The central picture shows an older girl taking dance class. She has spread her arms and is balancing on her toes. The body is taut and tense. The flowing hem shows that the young dancer is apparently doing a turn. She is dressed in a short, belted Doric chiton , arms and legs are bare. While the chiton falls loosely for the most part and hardly suggests any contours, the painter has delicately hinted at the contours of the breasts, probably to describe the approximate age of the girl. She wears her curly hair high and a cruciform earring in her ear. In the right half of one on one is Klismos seated Doppelaulosspielerin displayed. The effort of the young woman while playing her instrument is clearly visible, her cheeks are distended. She wears a longer robe, only her arms and feet are uncovered. She sets the pace for the music with her foot. The hair is covered by a hood. The case of the aulos hangs on the wall. The second side of the picture shows a bearded teacher with an arm resting on a stick on the left side, who rebukes his young student. Between the two, the painter shows a column that is supposed to mark the location, a gymnasium . The youth is completely wrapped in his coat, while the teacher leaves half his torso bare. The image fields are bordered by a meander strip at the bottom and a strip of bay leaves at the top .

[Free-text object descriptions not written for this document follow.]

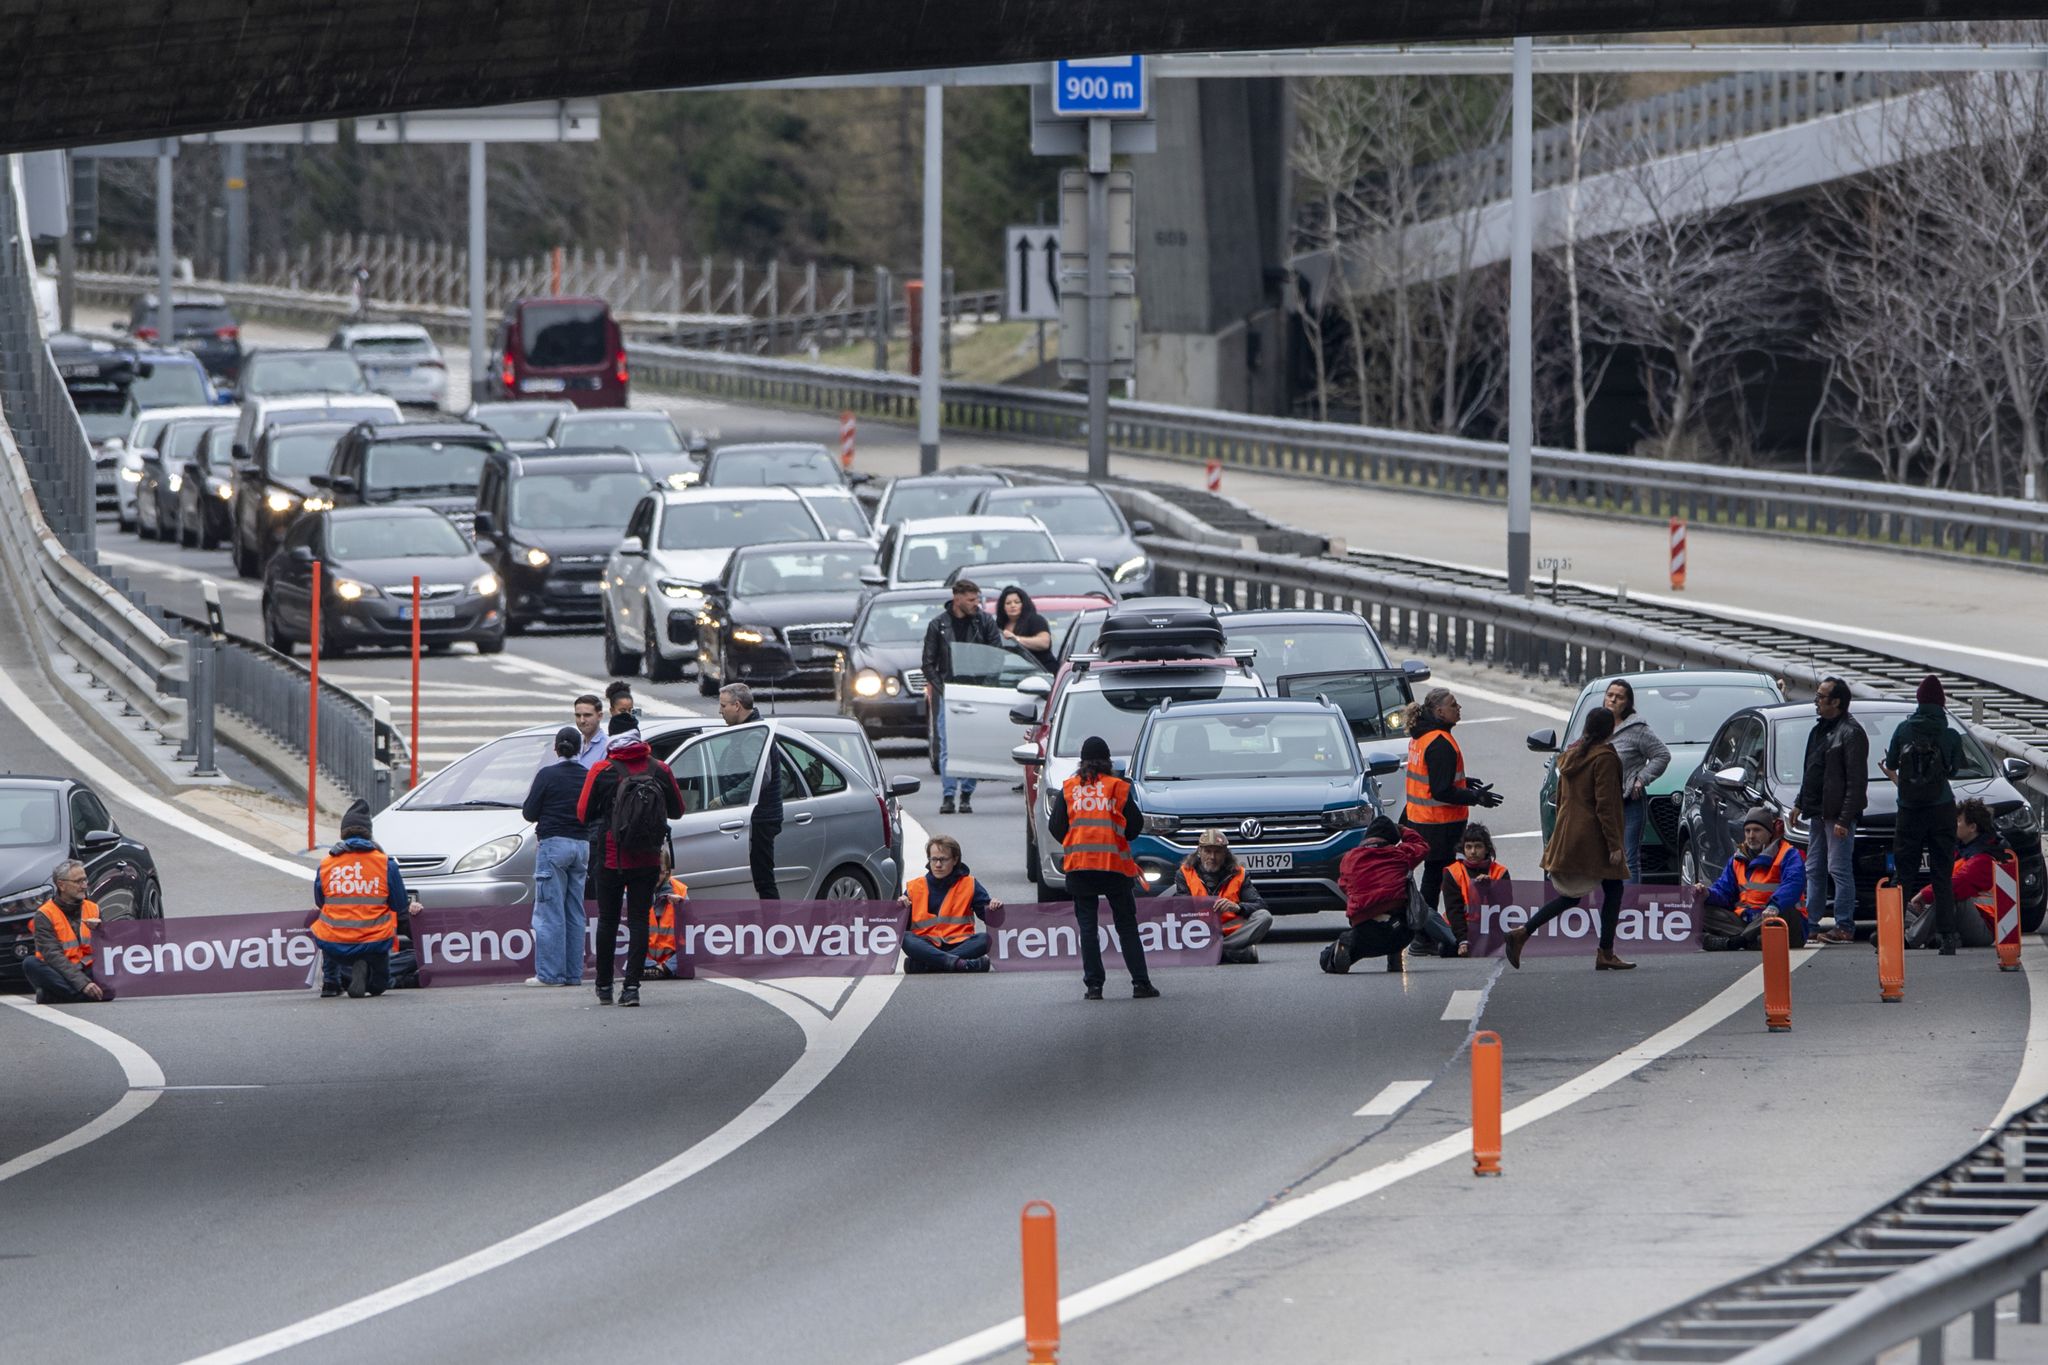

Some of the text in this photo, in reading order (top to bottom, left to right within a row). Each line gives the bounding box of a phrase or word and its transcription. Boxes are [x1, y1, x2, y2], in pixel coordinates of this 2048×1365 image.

[1066, 76, 1134, 100] 900 m
[1072, 781, 1105, 799] act
[330, 861, 363, 880] act
[1266, 854, 1291, 868] 879
[329, 877, 380, 895] now!
[685, 917, 897, 956] renovate
[103, 928, 315, 976] renovate
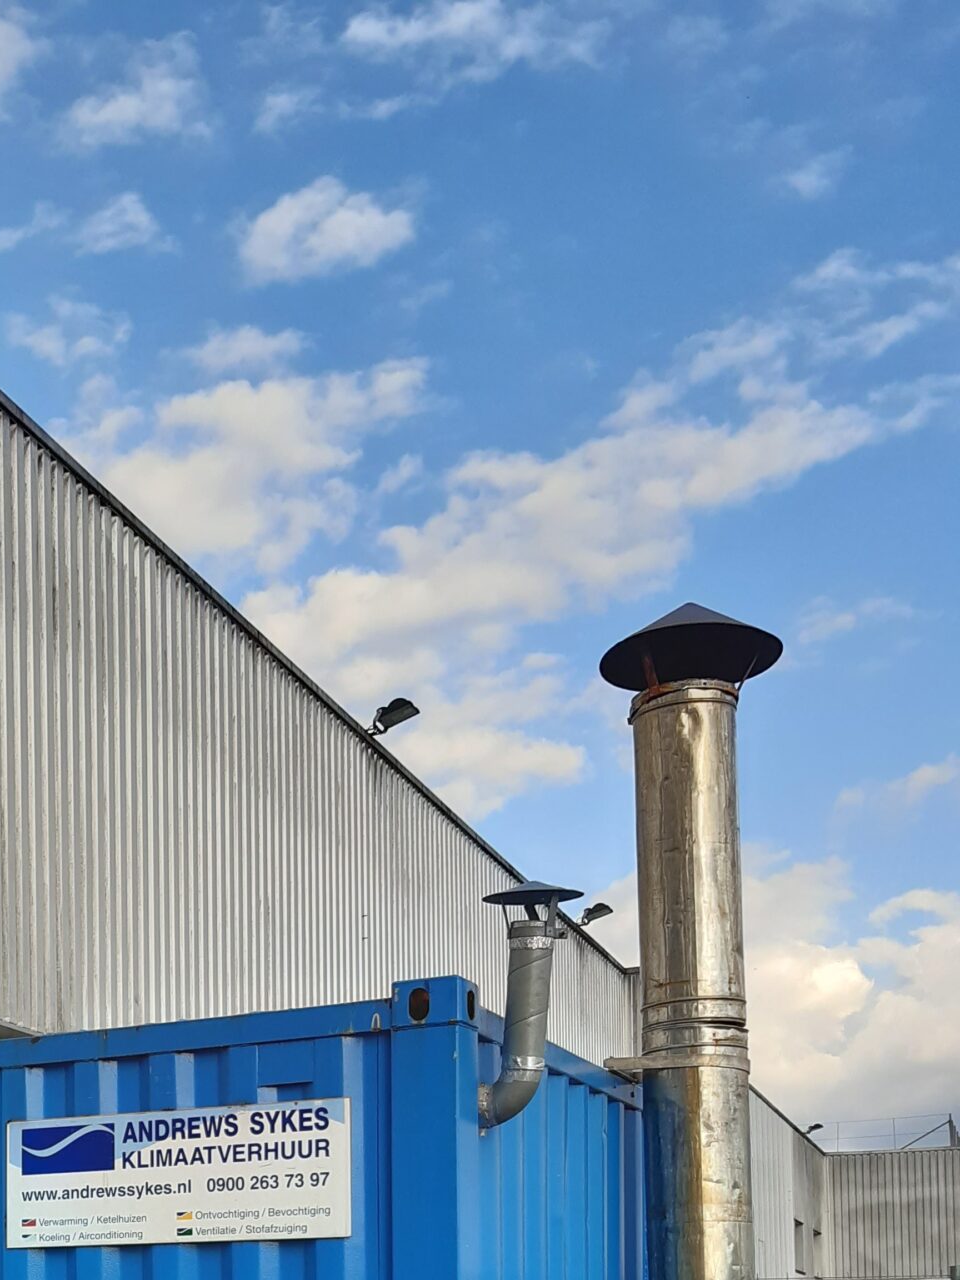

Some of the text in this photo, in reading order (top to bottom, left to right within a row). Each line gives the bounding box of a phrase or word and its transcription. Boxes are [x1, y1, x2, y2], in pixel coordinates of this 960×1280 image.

Both sides of the picture have a similar theme: the education of adolescents. For the education of male children there are often images on vases, especially from the gymnastic environment. Representations of the education of girls are comparatively rare. On the one hand, dance was part of the training canon that a girl should learn before marriage; on the other hand, ritual celebrations, often combined with dance, were among the rare occasions on which daughters from wealthy families were allowed to leave their protected homes. Perhaps that is here Dance of Peplophoren shown in which girls as individual dancers in honor of Demeter , the only with a peplum clothed her kidnapped daughter Persephone was looking for, only with a peplum clothed dances aufführten.

The work captivates with its dynamism, which is rarely found in this form in vase painting, vase pictures generally convey a static impression.

The crater was acquired from Theodor Panofka's estate in 1858 . Today it is exhibited in the Berlin Collection of Antiquities under the inventory number F 2400 . The vase, which is well preserved apart from a few bumps, is 26.5 centimeters high and also measures 26.5 centimeters in diameter.